(457c) Design of Targeted Antimicrobial Macromolecules

Antimicrobials, including antibiotics, antivirals, and antifungals, are effective lifesaving therapeutics against pathogenic microorganisms. As the clinical pipeline of new antimicrobials runs dry, the emergence of resistance (bacterial and viral) against existing medicines poses a serious threat to public health. There is thus an urgent need for innovative, rationally designed molecular and nanotechnology platforms that can be rapidly developed to combat the elimination of resistant isolates. In the first part of this talk, I will describe our research effort toward creating antibody bactericide conjugates (ABCs). ABCs are targeted synthetic macromolecular prodrugs that actively target a pathogen of interest and release bactericidal macromolecules only in the presence of virulence or host factors. This mechanism of action, similar to that used in the field of antibody-drug conjugates (ADCs), should decrease the toxicity profile of the antibacterial agent while improving its potency at the infection site.

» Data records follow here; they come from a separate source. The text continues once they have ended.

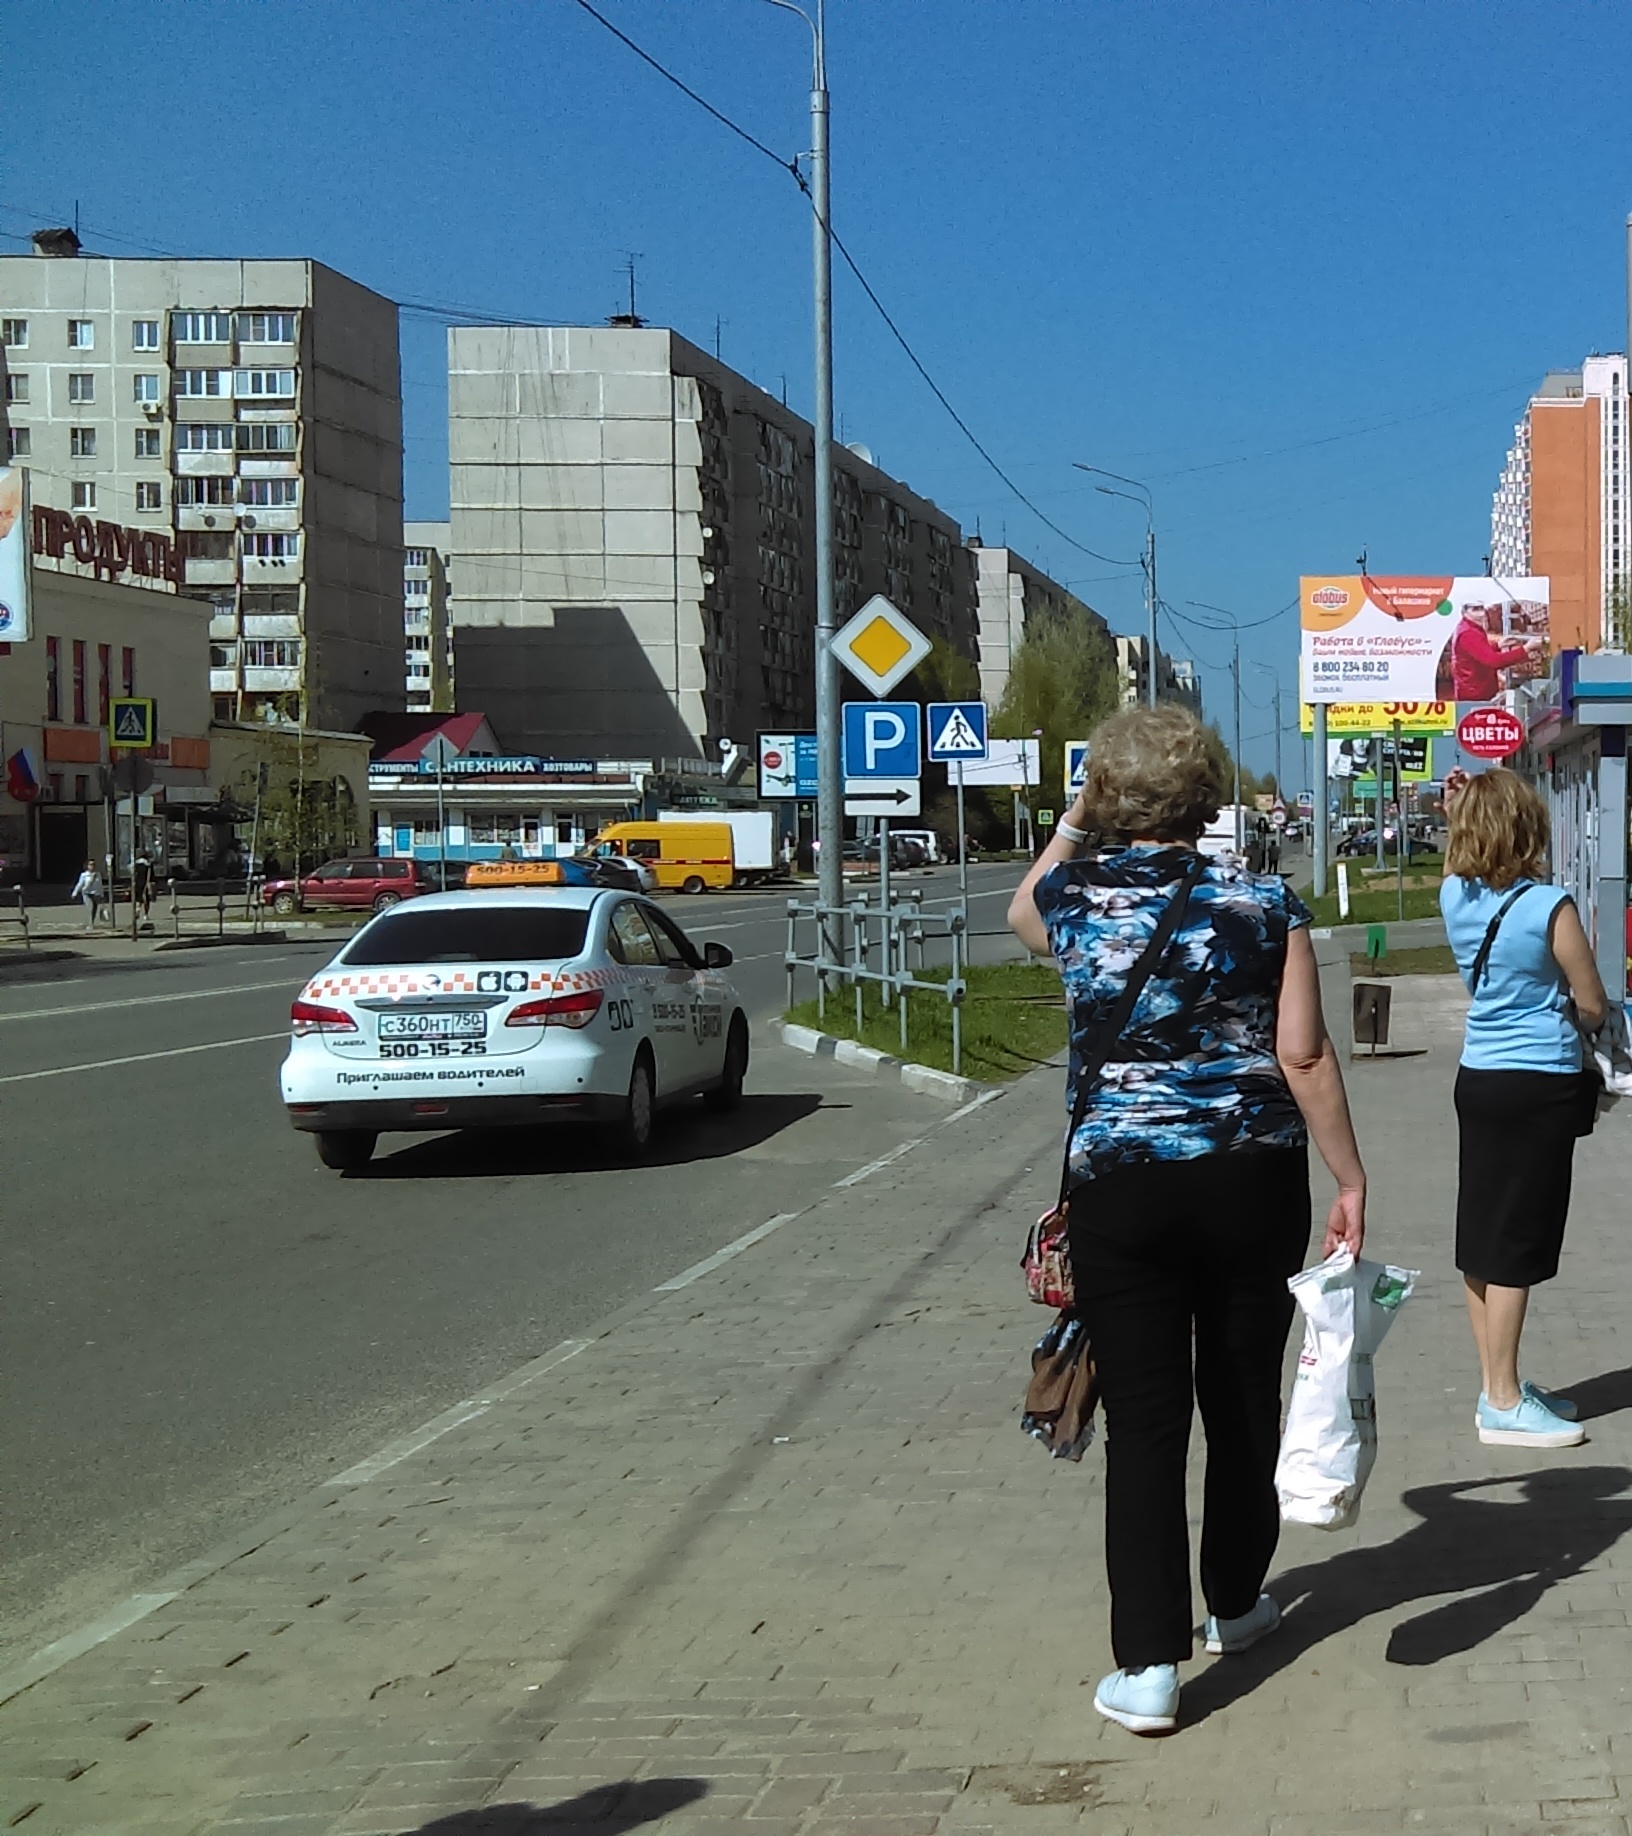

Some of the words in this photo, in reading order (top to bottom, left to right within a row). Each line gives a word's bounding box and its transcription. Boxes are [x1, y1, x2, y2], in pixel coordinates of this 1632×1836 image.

[33, 505, 186, 583] ПРОДУКТЫ
[1312, 636, 1354, 647] Работа
[1357, 636, 1364, 647] в
[1367, 636, 1422, 649] «Глобус»
[1313, 661, 1319, 672] 8
[1321, 661, 1340, 672] 800
[1342, 661, 1359, 672] 234
[1377, 661, 1389, 672] 20
[1462, 727, 1518, 743] ЦВЕТЫ
[369, 762, 419, 773] СТРУМЕНТЫ
[424, 760, 536, 773] СНТЕХНИКА
[542, 762, 593, 772] ХОЗТОВАРЫ
[477, 864, 551, 875] 500-15-25
[455, 1012, 481, 1027] 750
[379, 1041, 487, 1058] 500-15-25
[336, 1071, 434, 1086] Приглашаем
[437, 1066, 525, 1080] водителей
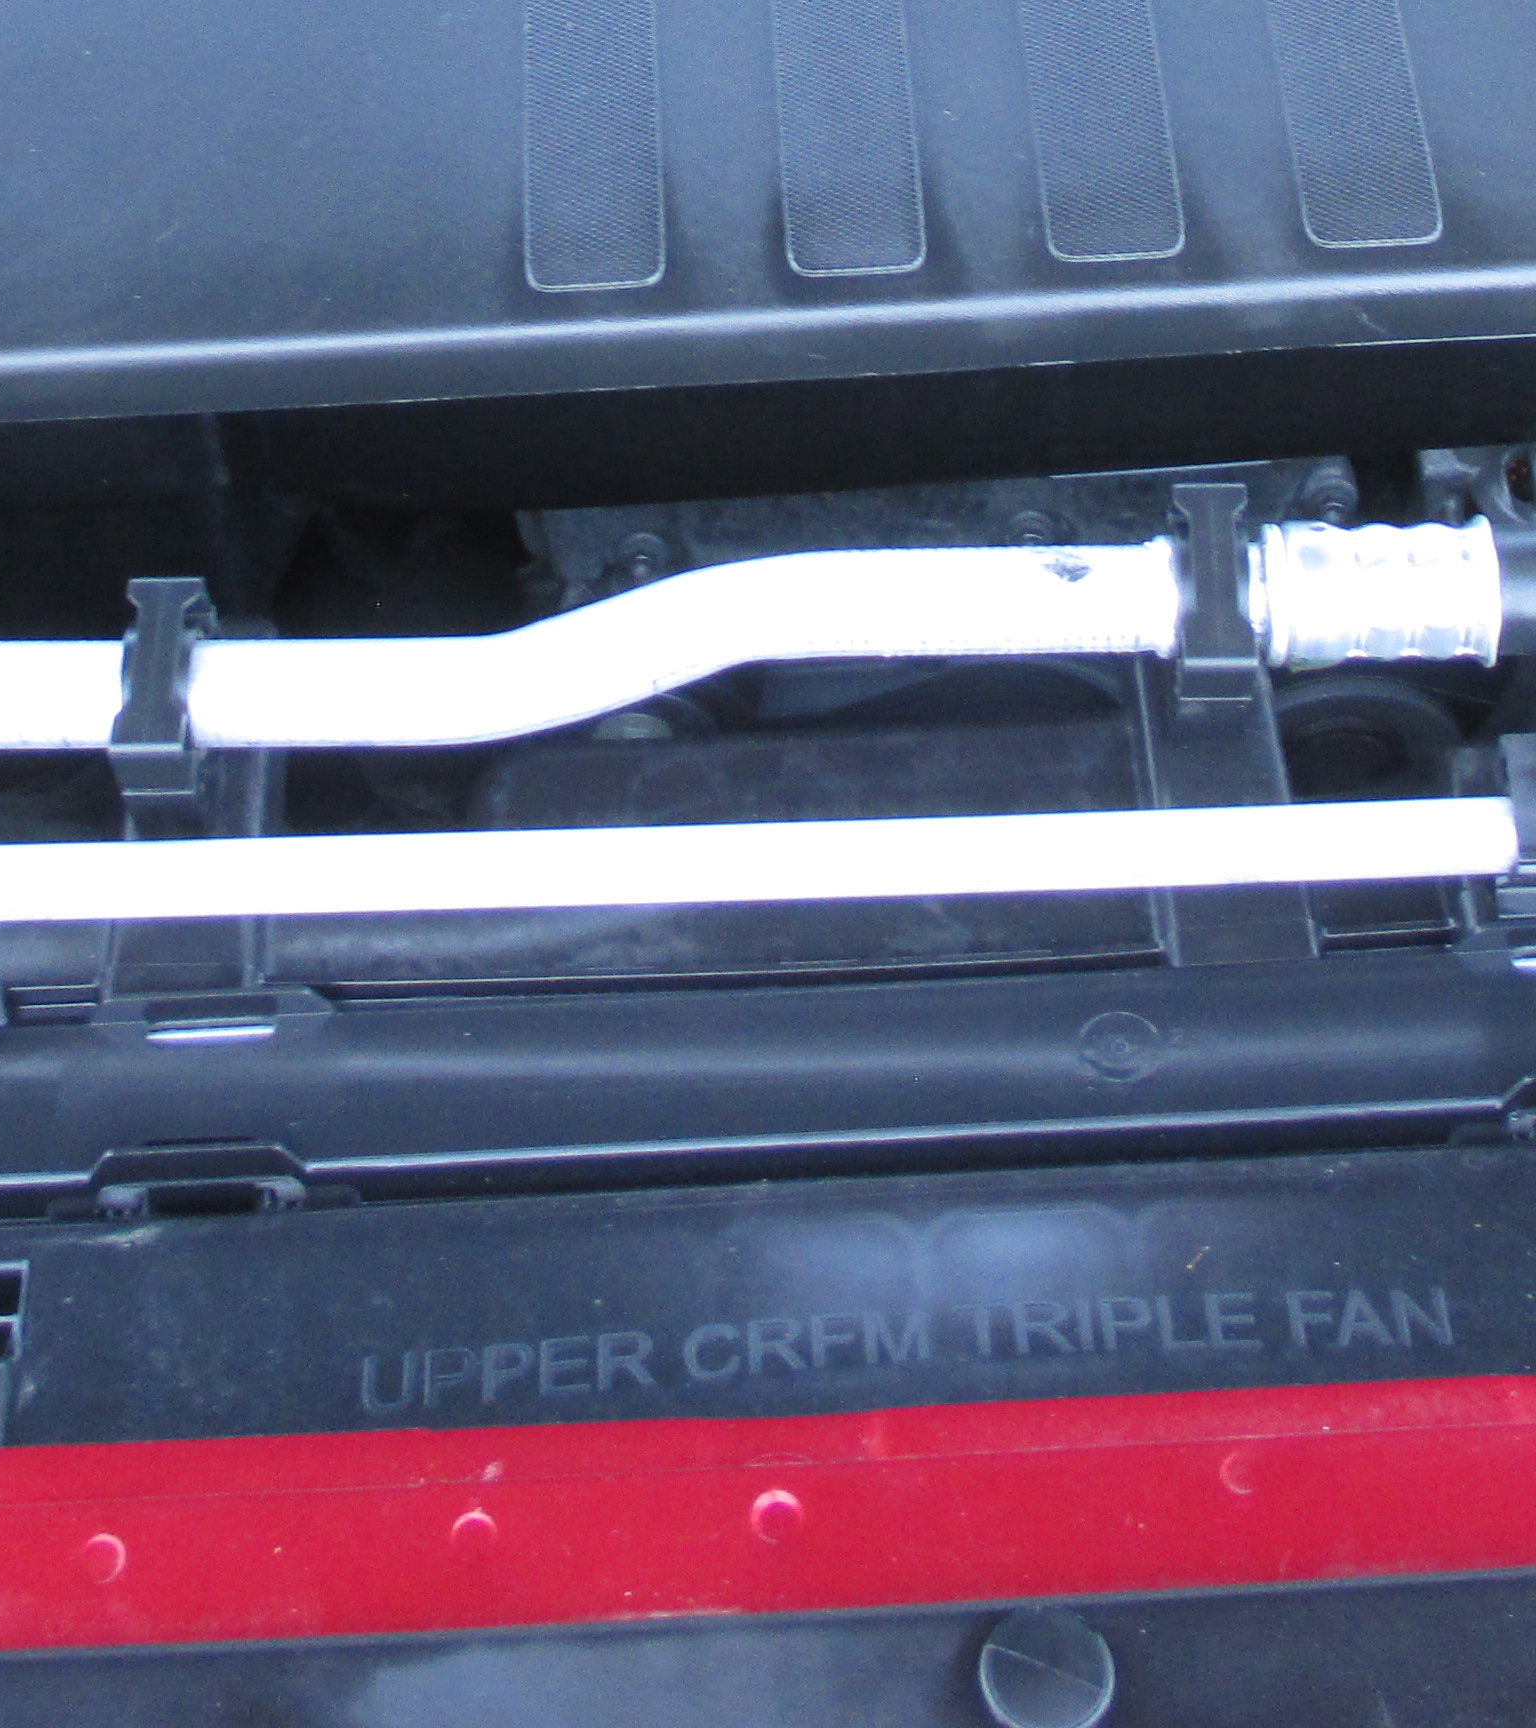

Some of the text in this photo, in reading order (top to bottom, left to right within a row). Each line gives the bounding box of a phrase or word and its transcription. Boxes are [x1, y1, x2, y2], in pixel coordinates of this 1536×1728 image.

[359, 1285, 1457, 1412] UPPER CRFM TRIPLE FAN

ABCs can be considered a subset of ADCs, which have achieved clinical success for cancer treatment, with 11 FDA-approved ADCs available on the market and upwards of 80 in active clinical studies. I will present two unique ABCs and discuss their assembly, characterization, mechanism of action and antibacterial activity. In the second half of this talk, I will introduce the design of a fusion inhibitory lipopeptide platform with potent antiviral activity against several viruses, including Measles (MeV) and SARS-CoV-2. Viral infection of target cells occurs via the coordinated action of binding and fusion proteins. Peptides derived from the heptad repeat region of the viral fusion protein can interfere with the structural transition of the fusion protein, thus inhibiting infection at the entry stage. In a collaborative effort with the Porotto and Moscona research groups, our team has developed dimeric lipopeptide inhibitory ligands that self-assemble into serum stable nanoparticles with potent antiviral activity in cotton rats (MeV) and ferrets (SARS-CoV-2). I will discuss how self-assembly of the amphipathic lipopeptides enhances their biodistribution and half-life and contributes to enhanced in vivo efficacy. Proposed anchoring of the dimeric lipopeptide in the host cell membrane, interactions with the viral proteins, and lung retention will also be discussed.